Assignment:
Restate all entries exactly. Skip the images.

Data for this task:

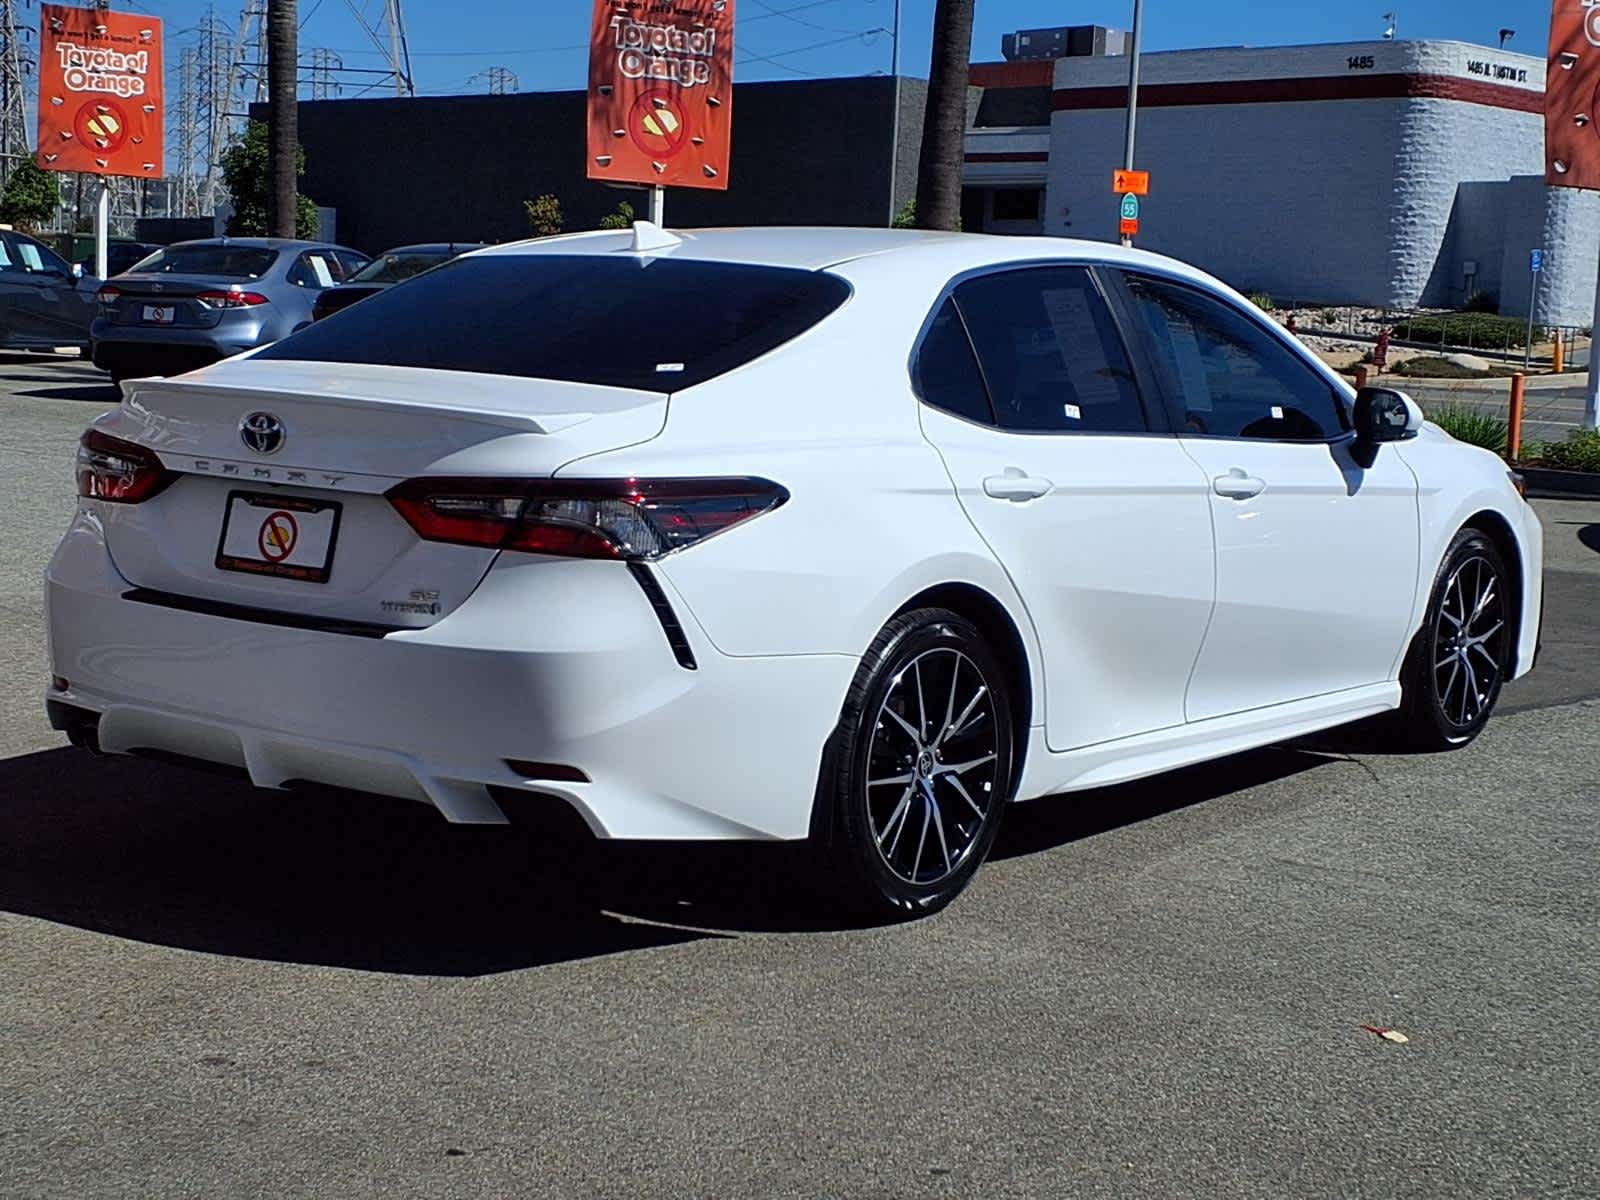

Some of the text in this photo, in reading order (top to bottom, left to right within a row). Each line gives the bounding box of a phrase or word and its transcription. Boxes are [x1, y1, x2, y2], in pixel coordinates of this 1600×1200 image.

[609, 15, 715, 56] Toyota of
[56, 42, 148, 74] Toyota of
[618, 49, 709, 87] Orange
[1346, 56, 1375, 70] 1485
[1467, 60, 1483, 75] 1485
[64, 67, 144, 97] Orange
[1124, 203, 1135, 216] 55
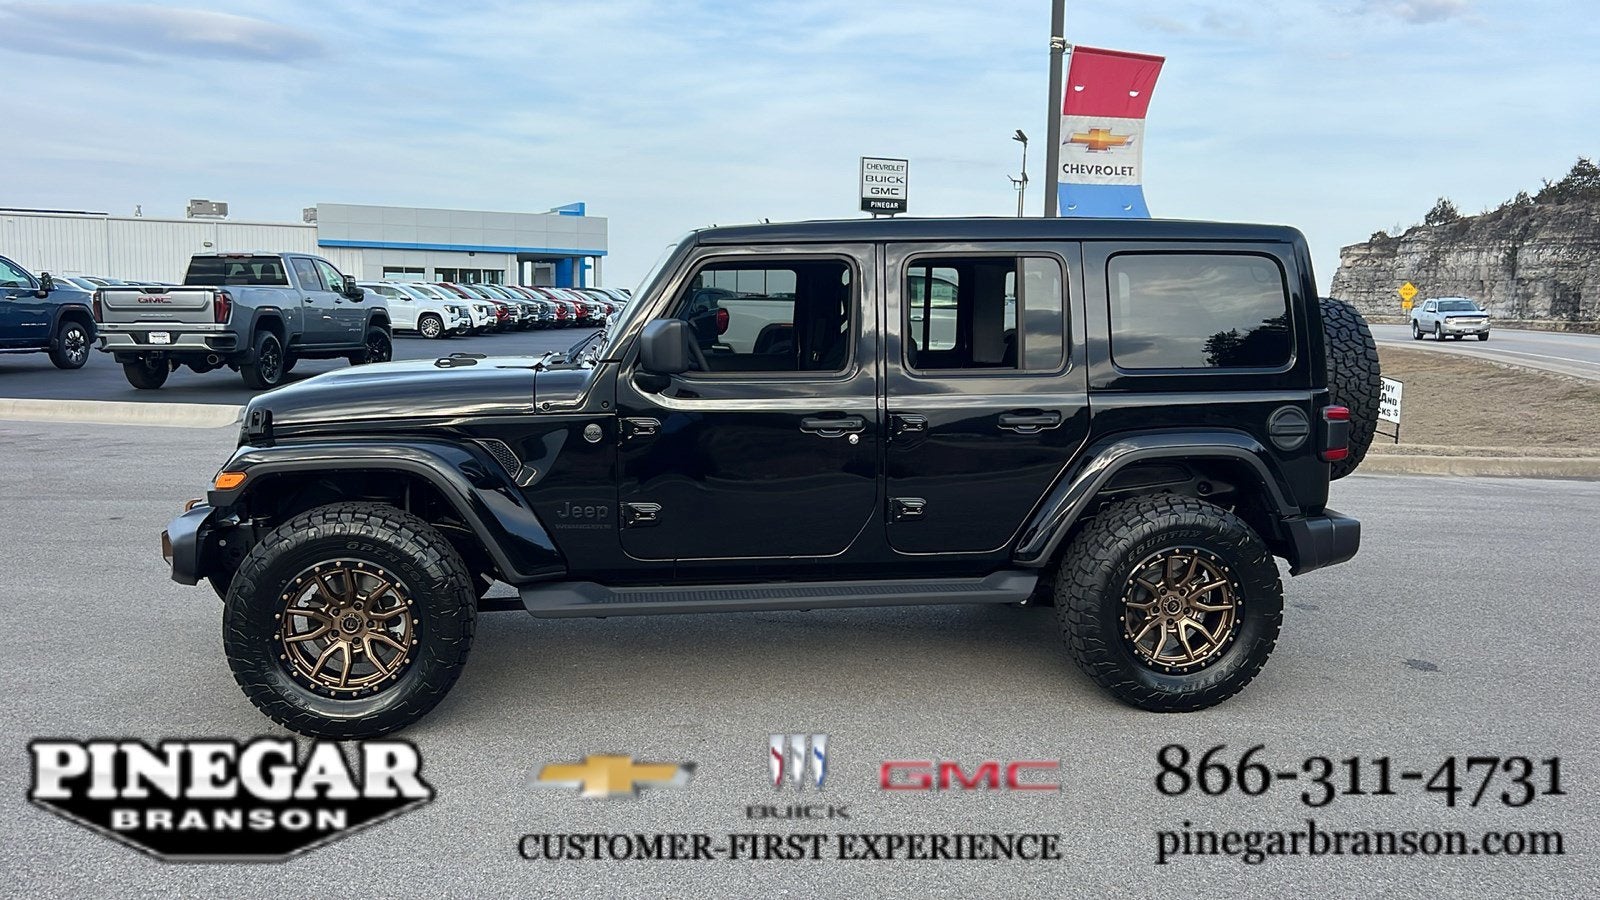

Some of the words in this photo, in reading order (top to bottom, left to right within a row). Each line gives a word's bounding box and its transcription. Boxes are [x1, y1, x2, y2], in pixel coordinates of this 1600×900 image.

[866, 163, 905, 172] CHEVROLET
[1062, 163, 1134, 177] CHEVROLET
[865, 174, 905, 184] BUICK
[870, 186, 900, 196] GMC
[870, 201, 899, 209] PINEGAR
[138, 296, 172, 304] GMC
[556, 501, 609, 521] Jeep
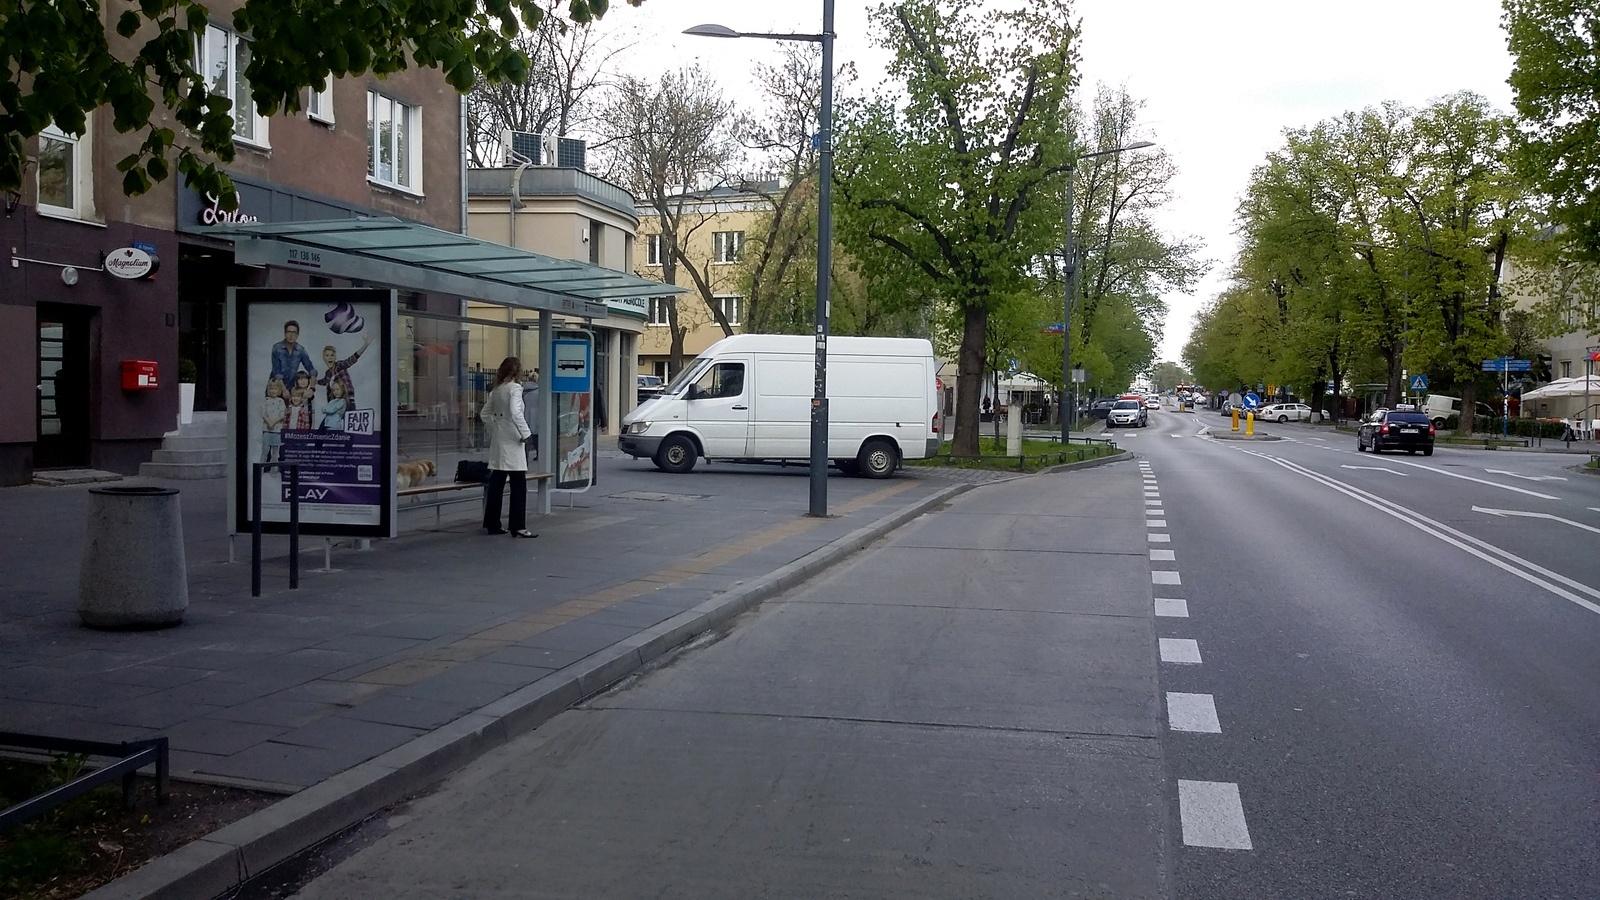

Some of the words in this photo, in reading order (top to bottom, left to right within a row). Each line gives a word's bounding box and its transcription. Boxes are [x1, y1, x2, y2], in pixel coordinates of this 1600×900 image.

[108, 258, 149, 269] Magnolium
[347, 412, 370, 423] FAIR
[347, 422, 370, 433] PLAY

Exercise result:
Some of the text in this photo, in reading order (top to bottom, left to right within a row). Each line gives the bounding box of a phrase or word and its transcription. Boxes are [x1, y1, x2, y2], in pixel coordinates of this 1600×1200 image.

[609, 15, 715, 56] Toyota of
[56, 42, 148, 74] Toyota of
[618, 49, 709, 87] Orange
[1346, 56, 1375, 70] 1485
[1467, 60, 1483, 75] 1485
[64, 67, 144, 97] Orange
[1124, 203, 1135, 216] 55

Some of the words in this photo, in reading order (top to bottom, left to right within a row). Each line gives a word's bounding box and its transcription. Boxes are [x1, y1, x2, y2], in pixel coordinates of this 1600×900 image.

[866, 163, 905, 172] CHEVROLET
[1062, 163, 1134, 177] CHEVROLET
[865, 174, 905, 184] BUICK
[870, 186, 900, 196] GMC
[870, 201, 899, 209] PINEGAR
[138, 296, 172, 304] GMC
[556, 501, 609, 521] Jeep

Some of the words in this photo, in reading order (top to bottom, left to right within a row). Each line gives a word's bounding box and its transcription. Boxes are [x1, y1, x2, y2], in pixel coordinates of this 1600×900 image.

[108, 258, 149, 269] Magnolium
[347, 412, 370, 423] FAIR
[347, 422, 370, 433] PLAY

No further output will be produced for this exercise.